A novel targeting modality for renal cell carcinoma: Human osteocalcin promoter-mediated gene therapy synergistically induced by vitamin C and vitamin D3

Background: Advanced renal cell carcinoma (RCC) frequently develops skeletal metastasis and is highly resistant to conventional therapies. We hypothesized that the osteocalcin (OC) promoter may be a promising gene delivery system for RCC targeted gene therapy because osteotropic tumors gain osteomimetic properties and thrive in the new environment by exhibiting a bone-like gene expression profile. Human OC (hOC) expression is highly regulated by vitamins and hormone. In the present study, we tested the feasibility of vitamin-regulatable hOC promoter for RCC-specific transcriptional targeting, and examined the anti-tumor effect of vitamins C and D3 with hOC-based adenoviral vectors towards RCC. Methods: Real-time reverse transcriptase-polymerase chain reaction measured OC expression induced by vitamins C and D3, either alone or in combination, in RCC and normal human renal epithelial cells (HRE).
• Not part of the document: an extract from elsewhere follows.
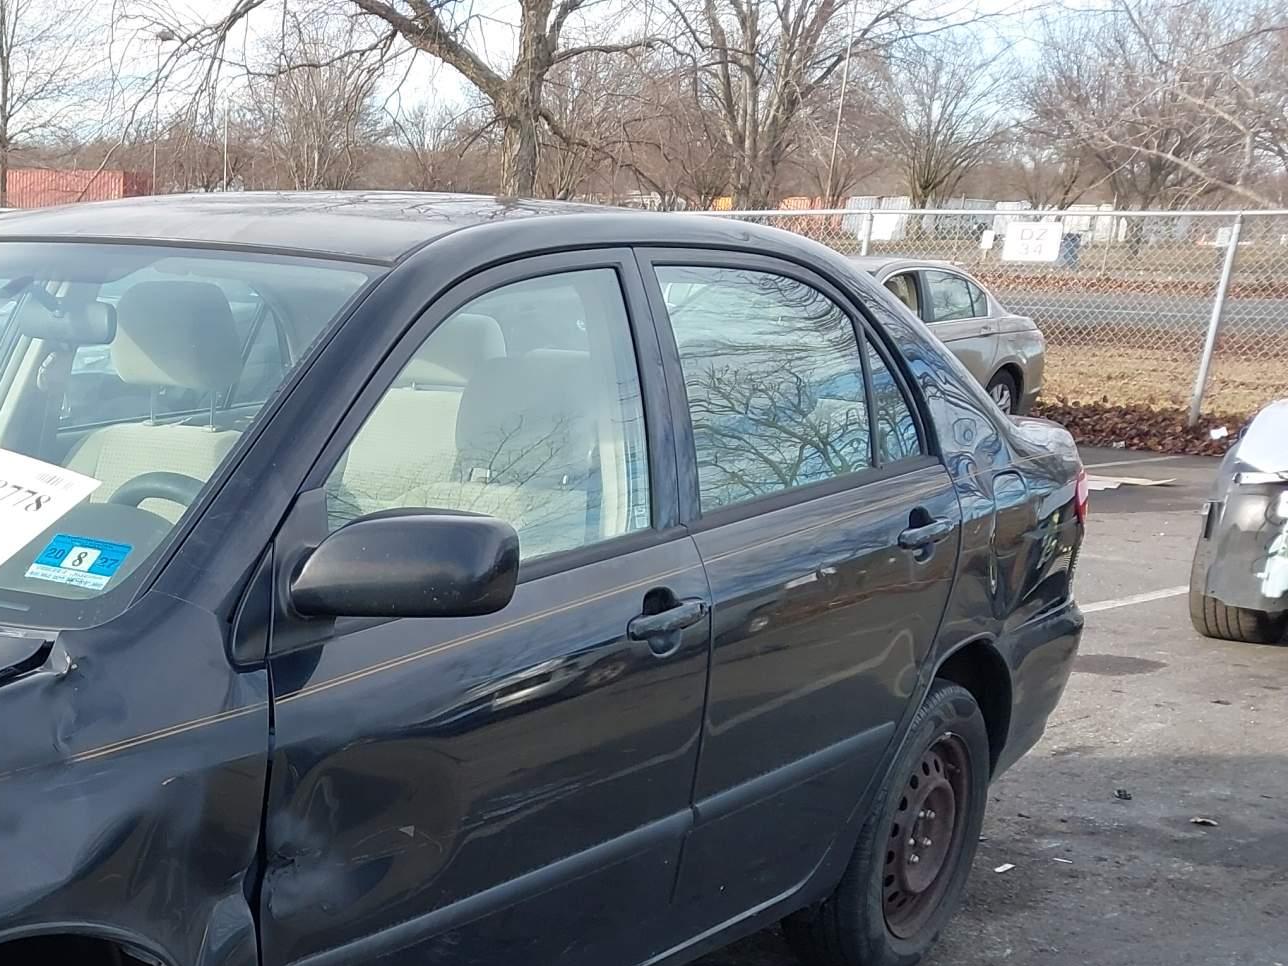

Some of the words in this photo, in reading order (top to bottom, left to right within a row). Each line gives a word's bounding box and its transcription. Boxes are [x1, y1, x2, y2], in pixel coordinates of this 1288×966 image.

The RCC-cytotoxic effects of concomitant vitamins and hOC promoter-based adenoviral vectors, Ad-hOC-TK and Ad-hOC-E1, were evaluated in both cell culture and a xenograft murine model. Results: We found that high doses of vitamin C induced H2O2-dependent apoptosis in RCC but not HRE. Treatment of RCC cells with combined vitamins C and D3 treatment significantly increased OC promoter activity compared to single reagent treatment. Combined vitamin therapy reduced tumor size (85%) and complete tumor regression occurred in 38% of mice co-administrated Ad-hOC-E1. Conclusions: The results obtained in the present study demonstrate that vitamins C and D3 synergized with the anti-tumor effects of therapeutic genes driven by hOC promoter through direct cytotoxicity as well as transcriptional targeting. This combined gene therapy provides a promising modality for advanced RCC targeted therapy.